Another nail in the coffin - Page 3 - Politics Forum.org | PoFo

Wandering the information superhighway, he came upon the last refuge of civilization, PoFo, the only forum on the internet ...

Political issues and parties in Israel, Gaza and the West Bank.

Moderator: PoFo Middle-East Mods

Forum rules: No one-line posts please. This is an international political discussion forum moderated in English, so please post in English only. Thank you.
#14851550
skinster wrote:Well, that's obvious. :lol:

What do you think of liberal zionists, ZN?
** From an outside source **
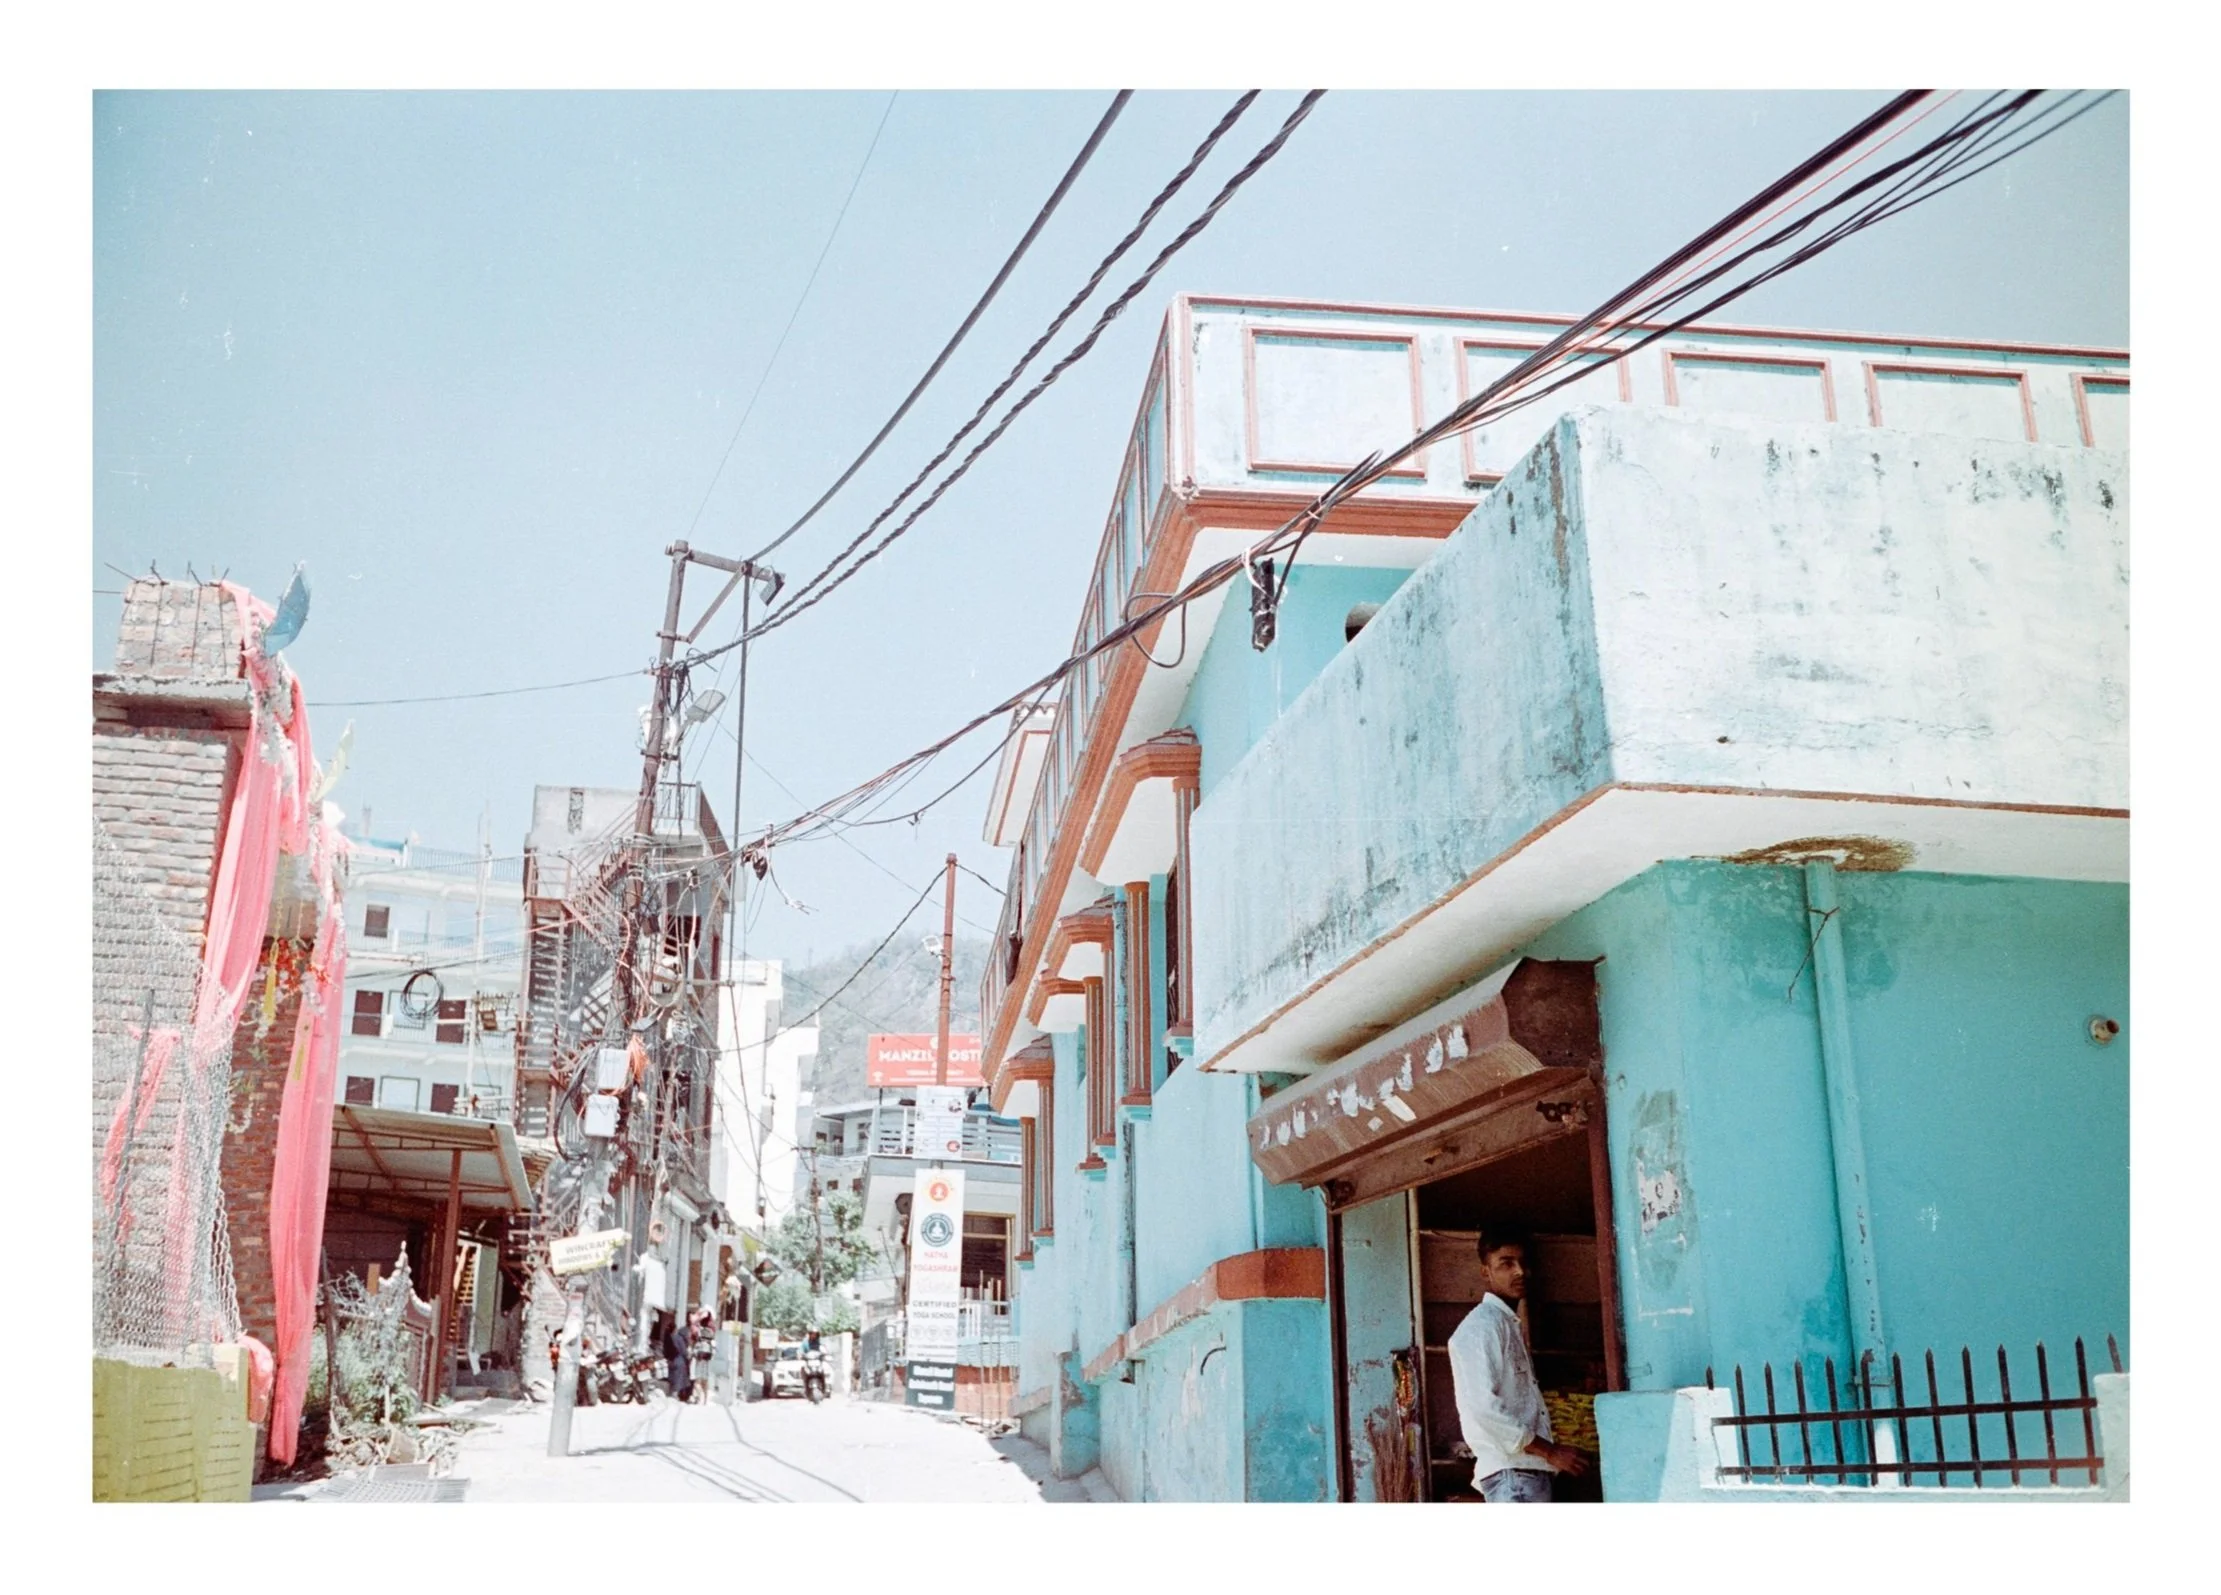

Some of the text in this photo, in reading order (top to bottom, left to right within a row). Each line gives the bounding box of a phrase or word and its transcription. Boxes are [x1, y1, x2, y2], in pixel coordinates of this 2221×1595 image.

[879, 1049, 980, 1062] MANZIL OST
[912, 1300, 957, 1308] CERTIFIED
You mean the Israeli labor party?

they are lunatics they dont have balls to stand for they country basically all their politics was to do anything America tells us to do. also they have a dangerous socialist agenda
#14851693
Do they have a lot of support in Israel?

I didn't mean them though, I meant lib zionists like red carpet above and others, who think a two-state solution is possible, despite the OP. :excited:
#14851695
depends. meretz and labor both left wing parties are basically dead and labor expected to get not more than 10 mandates in the next elections (and meretz will as usually gonna get 4-5 mandates)
but there is a new party run by yair lapid that he said that he support 2 state solution and they expected to get more than 20 mandates next elections but all the major support he is gaining is due to the secular wanting to elect a party that will be strongly anti Orthodox Jews

the Palestinian issue is not very important one anymore and recent elections are all about religion and economy
#14854490
skinster wrote:Do they have a lot of support in Israel?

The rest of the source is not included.